Stored entries
%%

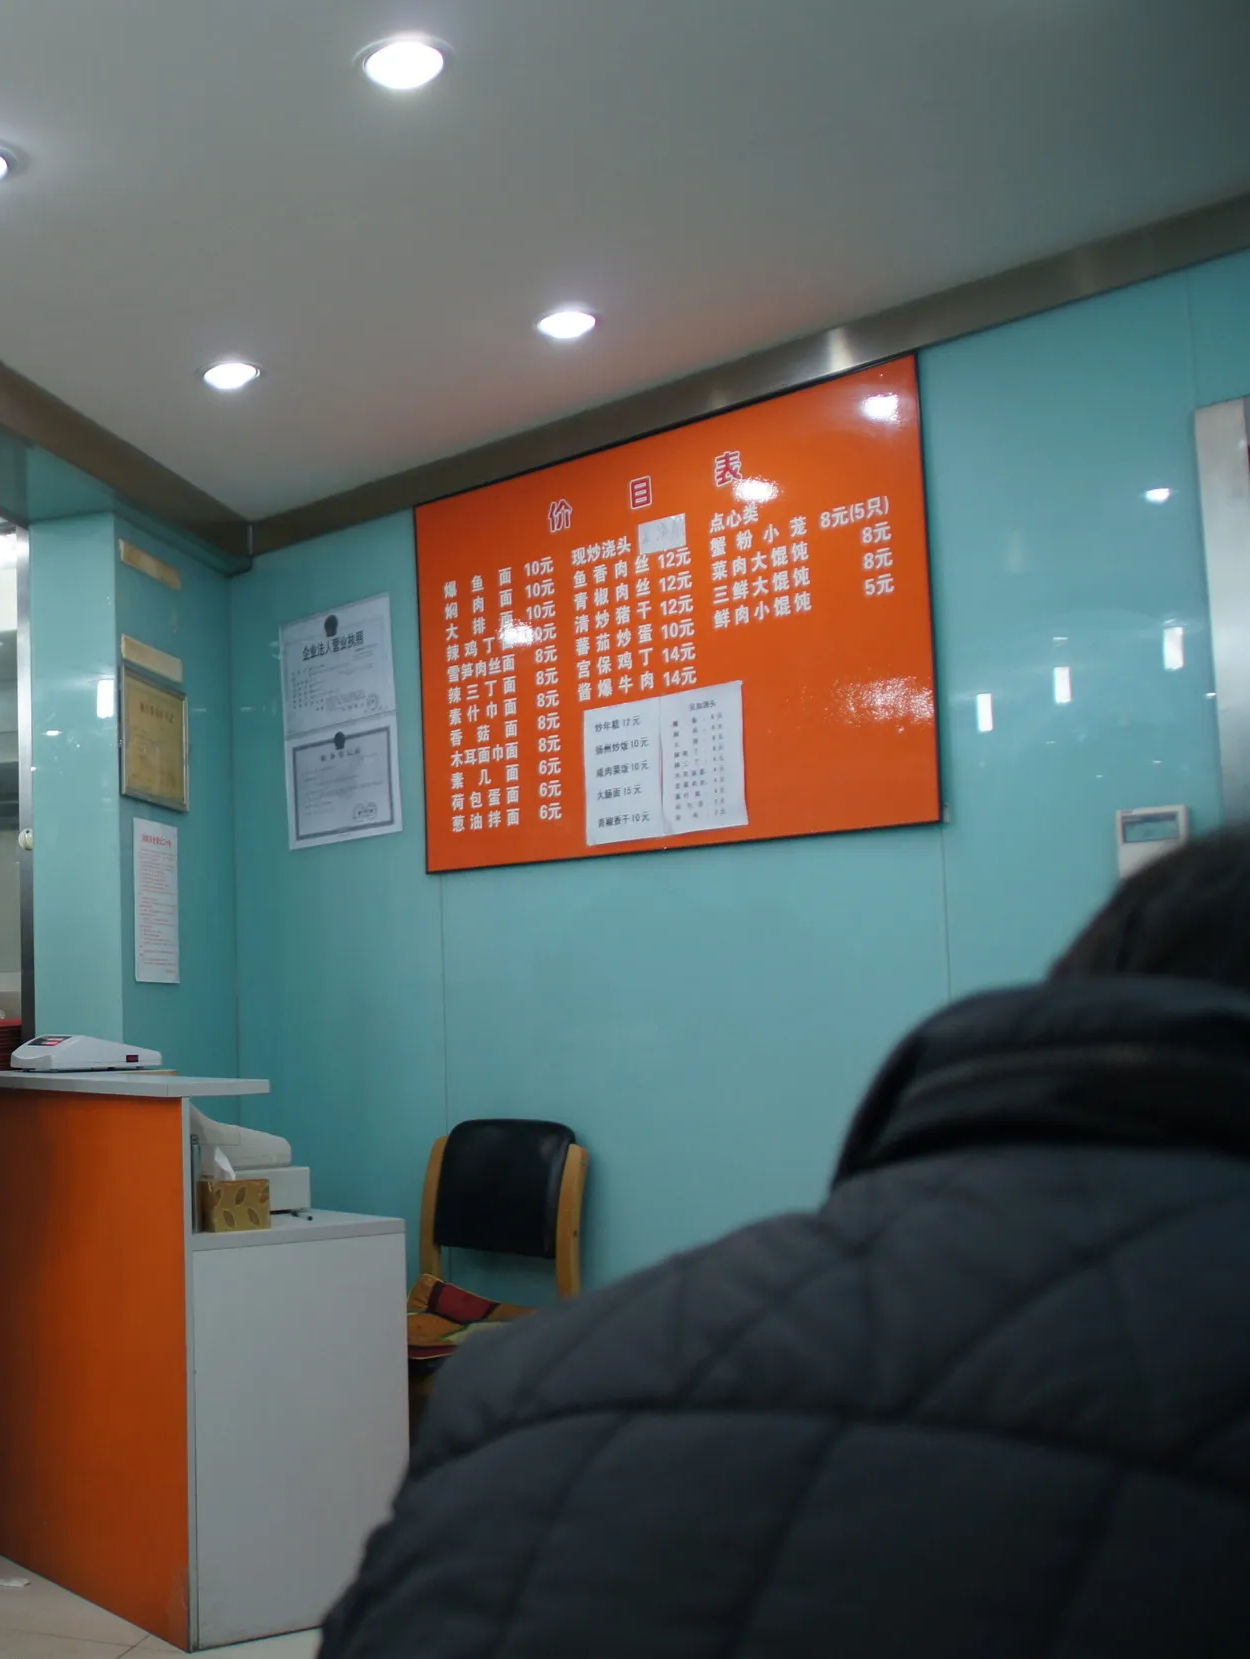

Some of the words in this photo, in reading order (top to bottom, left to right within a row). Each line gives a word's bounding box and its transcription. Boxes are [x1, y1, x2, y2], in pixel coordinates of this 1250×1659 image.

[548, 451, 742, 532] 价目表
[524, 556, 554, 577] 10元
[572, 535, 631, 566] 现炒浇头
[573, 554, 649, 589] 鱼香肉丝
[658, 547, 691, 569] 12元
[712, 541, 809, 580] 菜肉大馄饨
[862, 521, 891, 544] 8元
[525, 578, 555, 598] 10元
[574, 577, 650, 611] 青椒肉丝
[659, 571, 692, 592] 12元
[713, 566, 810, 604] 三鲜大馄饨
[863, 547, 893, 569] 8元
[526, 600, 556, 620] 10元
[575, 600, 651, 634] 清炒猪干
[660, 594, 693, 616] 12元
[714, 591, 812, 629] 鲜肉小馄饨
[864, 573, 895, 596] 5元
[302, 629, 365, 661] 企业法人营业执照
[661, 619, 695, 639] 10元
[535, 645, 558, 663] 8元
[577, 648, 653, 679] 宫保鸡丁
[662, 642, 696, 663] 14元
[448, 676, 516, 704] 辣三丁面
[536, 667, 559, 686] 8元
[578, 671, 654, 701] 酱爆牛肉
[663, 666, 697, 687] 14元
[449, 698, 517, 726] 素什巾面
[536, 690, 560, 708] 8元
[450, 719, 518, 747] 香菇面
[538, 712, 561, 730] 8元
[451, 741, 519, 768] 木耳面巾面
[538, 734, 561, 753] 8元
[451, 763, 519, 790] 素几面
[539, 757, 562, 775] 6元
[452, 785, 520, 811] 荷包蛋面
[539, 779, 562, 797] 6元
[452, 808, 520, 832] 葱油拌面
[539, 802, 562, 820] 6元

%%

▶ [TASK DIRECTIONS] This task asks for the data above repeated exactly, without a single picture.

▶ [EXPECTED OUTPUT]
Some of the words in this photo, in reading order (top to bottom, left to right within a row). Each line gives a word's bounding box and its transcription. Boxes are [x1, y1, x2, y2], in pixel coordinates of this 1250×1659 image.

[548, 451, 742, 532] 价目表
[524, 556, 554, 577] 10元
[572, 535, 631, 566] 现炒浇头
[573, 554, 649, 589] 鱼香肉丝
[658, 547, 691, 569] 12元
[712, 541, 809, 580] 菜肉大馄饨
[862, 521, 891, 544] 8元
[525, 578, 555, 598] 10元
[574, 577, 650, 611] 青椒肉丝
[659, 571, 692, 592] 12元
[713, 566, 810, 604] 三鲜大馄饨
[863, 547, 893, 569] 8元
[526, 600, 556, 620] 10元
[575, 600, 651, 634] 清炒猪干
[660, 594, 693, 616] 12元
[714, 591, 812, 629] 鲜肉小馄饨
[864, 573, 895, 596] 5元
[302, 629, 365, 661] 企业法人营业执照
[661, 619, 695, 639] 10元
[535, 645, 558, 663] 8元
[577, 648, 653, 679] 宫保鸡丁
[662, 642, 696, 663] 14元
[448, 676, 516, 704] 辣三丁面
[536, 667, 559, 686] 8元
[578, 671, 654, 701] 酱爆牛肉
[663, 666, 697, 687] 14元
[449, 698, 517, 726] 素什巾面
[536, 690, 560, 708] 8元
[450, 719, 518, 747] 香菇面
[538, 712, 561, 730] 8元
[451, 741, 519, 768] 木耳面巾面
[538, 734, 561, 753] 8元
[451, 763, 519, 790] 素几面
[539, 757, 562, 775] 6元
[452, 785, 520, 811] 荷包蛋面
[539, 779, 562, 797] 6元
[452, 808, 520, 832] 葱油拌面
[539, 802, 562, 820] 6元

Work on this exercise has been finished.